The depths of my tormented soul have been tapped as a parent, and I’ve witnessed incredibly poor behavior from otherwise normal upstanding adults when faced with the terror from their loins. What is it that turns this high functioning adult into a wretched, sweating, screaming deplorable excuse for a human being?
I think it can boil down into one word. Expectation. And hope. Okay, that’s two, but they’re so closely related. Parents think that this progeny from their sperm and egg will be better, brighter than them. That whatever they were unable to do as a child, by God this offspring of theirs will be given those opportunities, and guidance that THEY, the parent, never received. And those things that THEIR parents did and they SWORE never to do that, well they’ll throw that into the mix as well. So this melange of parenting includes, expectation, unfulfilled desire, old subconscious habits, and rules and restrictions from a previous generation that are not even questioned because they are so ingrained as “this is how we do it.” The entire parenting paradigm is an unconscious cacophony of behaviors and beliefs, expectations and hope.
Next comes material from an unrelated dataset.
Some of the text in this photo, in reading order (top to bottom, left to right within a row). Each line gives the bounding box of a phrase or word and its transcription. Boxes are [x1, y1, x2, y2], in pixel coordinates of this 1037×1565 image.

So this new soul comes into the world, She doesn’t subscribe to those beliefs yet, thank God! She has her own ideas about life and living, and is bound by no such beliefs about how things should be done to be accepted. Without forecasting pain and suffering into her future, without regretting anything from her past, with perfect and beautiful presence of mind she sets off on a journey of tingly and awe-inspired explorations.
What wonder to this child, wandering through the cornucopia of sounds, tastes and ideas! What delight there is in laughter and beauty in the butterfly, and amazement at the laws of physics and the feel of materials and the sunlight twinkling on the dew?
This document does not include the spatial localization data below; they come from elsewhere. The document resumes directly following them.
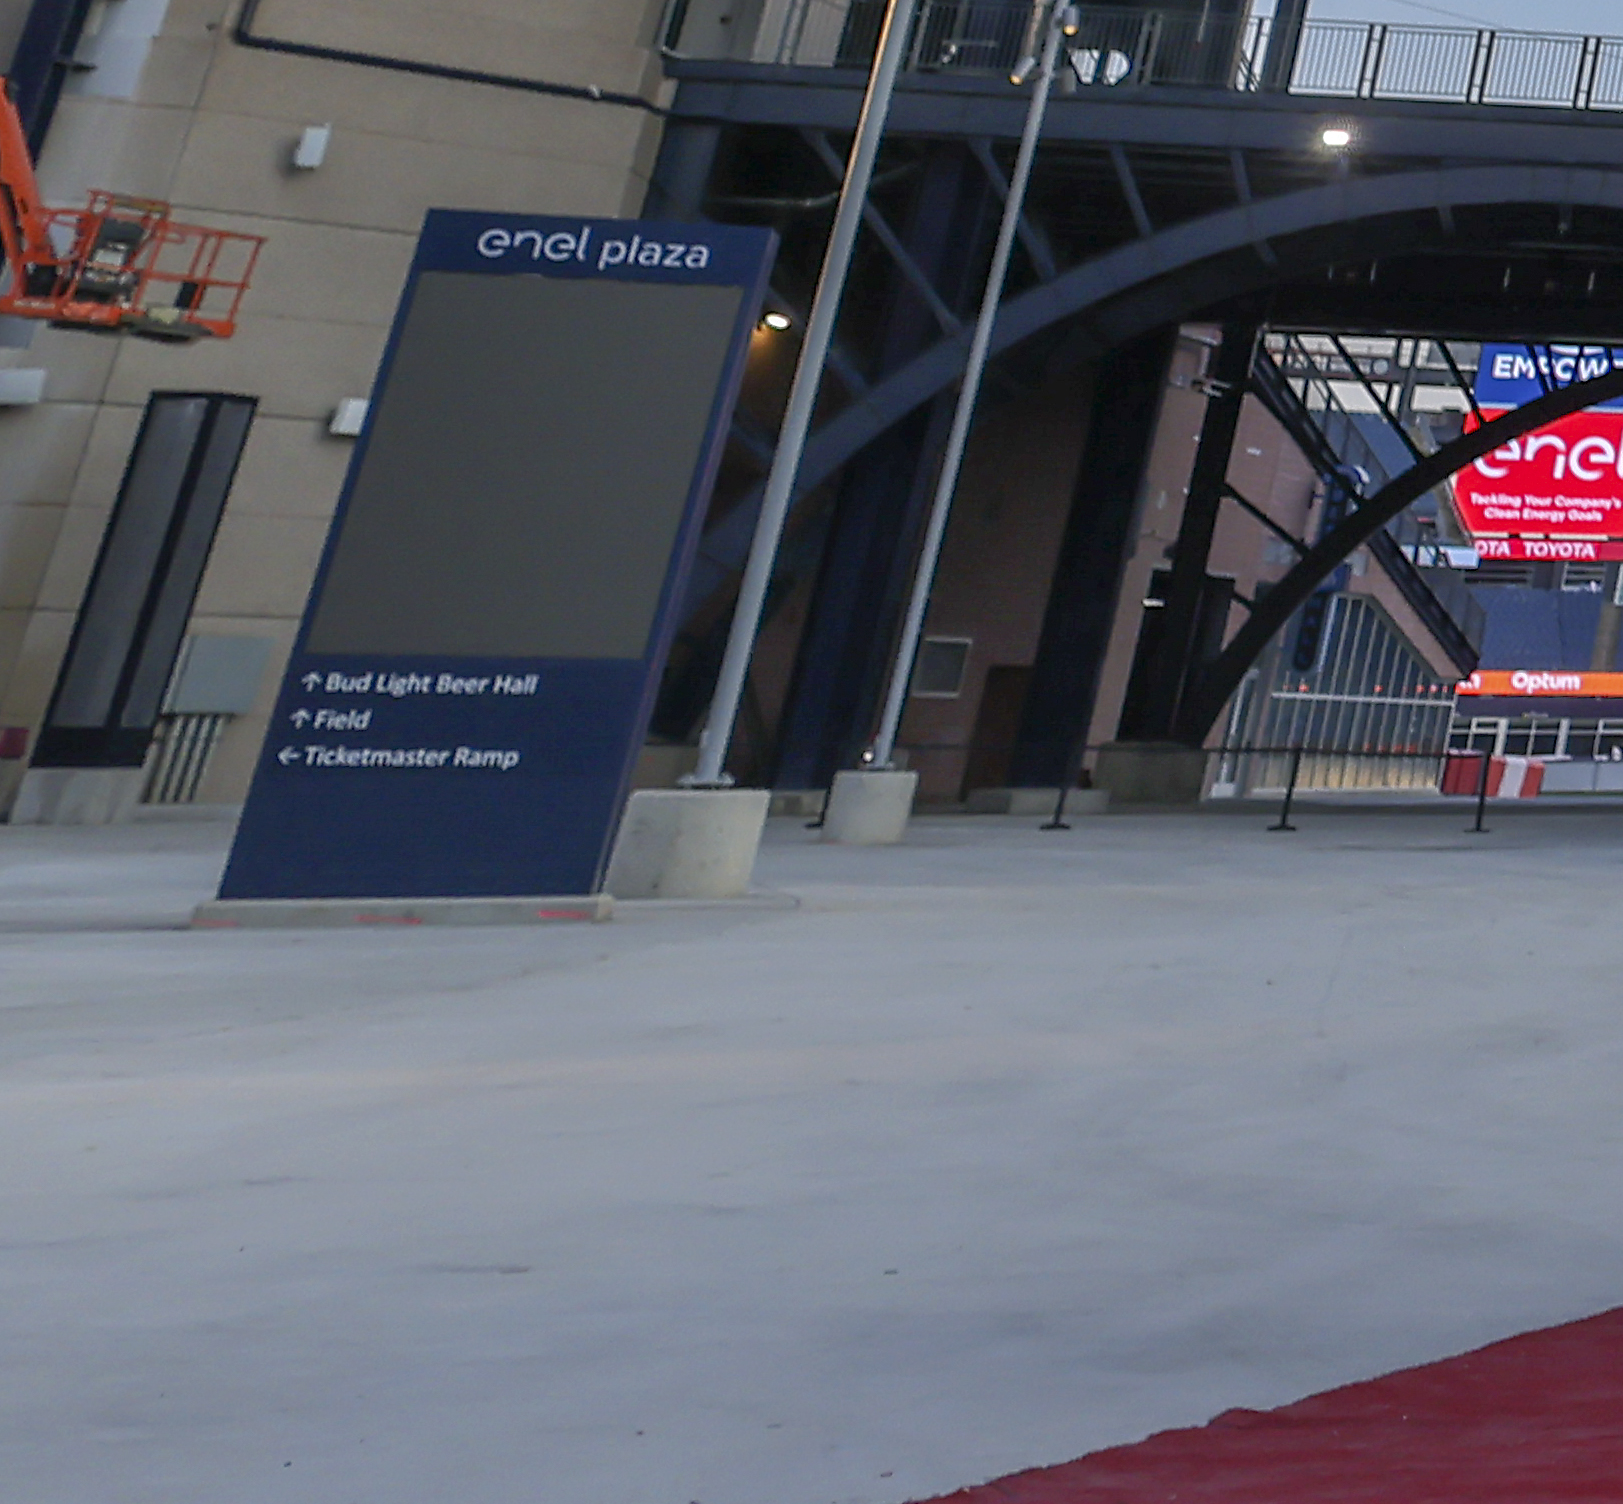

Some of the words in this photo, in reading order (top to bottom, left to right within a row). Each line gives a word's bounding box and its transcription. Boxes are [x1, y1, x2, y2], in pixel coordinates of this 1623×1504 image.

[477, 225, 592, 262] enel
[597, 235, 710, 271] plaza
[1523, 541, 1596, 559] TOYOTA
[325, 672, 373, 693] Bud
[376, 672, 432, 698] Light
[435, 673, 490, 695] Beer
[493, 674, 540, 696] Hall
[1511, 672, 1582, 694] Optum
[314, 708, 374, 731] Field
[304, 745, 450, 768] Ticketmaster
[453, 746, 521, 771] Ramp
As she gets older, the social nuances catch her attention, from friends to not so friendly, from running through sprinklers at parties to sharing secrets in blanket forts. The world is an utter delight. Except for one thing. Those pesky parents.They’re always cutting off the fun, ending the games, turning the lights out, yelling at her to hurry, criticizing her choice of friends, complaining about the teachers, mad about the lost soccer game, making her food choices for her, telling her what she needs to do so that she’ll be happy in the elusive and undesired future, in order for her to be happy, which is highly confusing because she already is happy.
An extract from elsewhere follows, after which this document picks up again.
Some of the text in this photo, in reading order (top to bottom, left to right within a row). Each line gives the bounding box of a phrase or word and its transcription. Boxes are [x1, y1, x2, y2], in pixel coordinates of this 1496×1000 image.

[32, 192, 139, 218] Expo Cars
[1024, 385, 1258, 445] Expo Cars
And the worst part of it is that she believes these large creatures that give her food. Because they taught her that a flower is a flower, and indeed, it is so. They taught her to look both ways when crossing the street, and she can see now what great advice that is, because sometimes she has witnessed cars zooming across the street. They told her to wipe her butt when she poos or she’ll get a rash, and sure enough, that also is true! So if A=B and B=C, then all the rest of the crap they are telling her is also taken for divine wisdom. For a little while anyway.
Until the disillusioned, wiser teen emerges.So many of these adult rules are arbitrary. Like you can’t have dessert for dinner. You have to work hard now to enjoy life later. Like your grades in middle school matter. You can’t stay up past 10. Like wear a coat or you’ll catch a cold. Like you can’t run in Target. Like don’t talk to strangers, don’t wear two different shoes, don’t wear the same dress all week. Don’t throw your socks on the floor, don’t talk back, don’t make loud noises in the living room, don’t eat in your bedroom, stop whining, hurry up, and don’t don’t don’t don’t don’t.
Why not? Because I said so. Who cares? You’ll understand later, kid. You can’t see the big picture. So scale yourself down, put your wings away, conform and control yourself. Act like a GOOD kid so my friends and family will see what a perfect family we have. And then later in life, when you’re an adult, you’ll understand why we didn’t want you to be so happy and carefree, that’s not the way the world works, life is not that easy. Life is hard. You’ve got to have baggage, and face all the wing cutting and wounding and tyranny you suffered as a kid.And they you can work for the rest of your life to find yourself. Your true being, the free, butterfly loving, awe inspired, present, powerful, being that you were born as, before your parents interfered.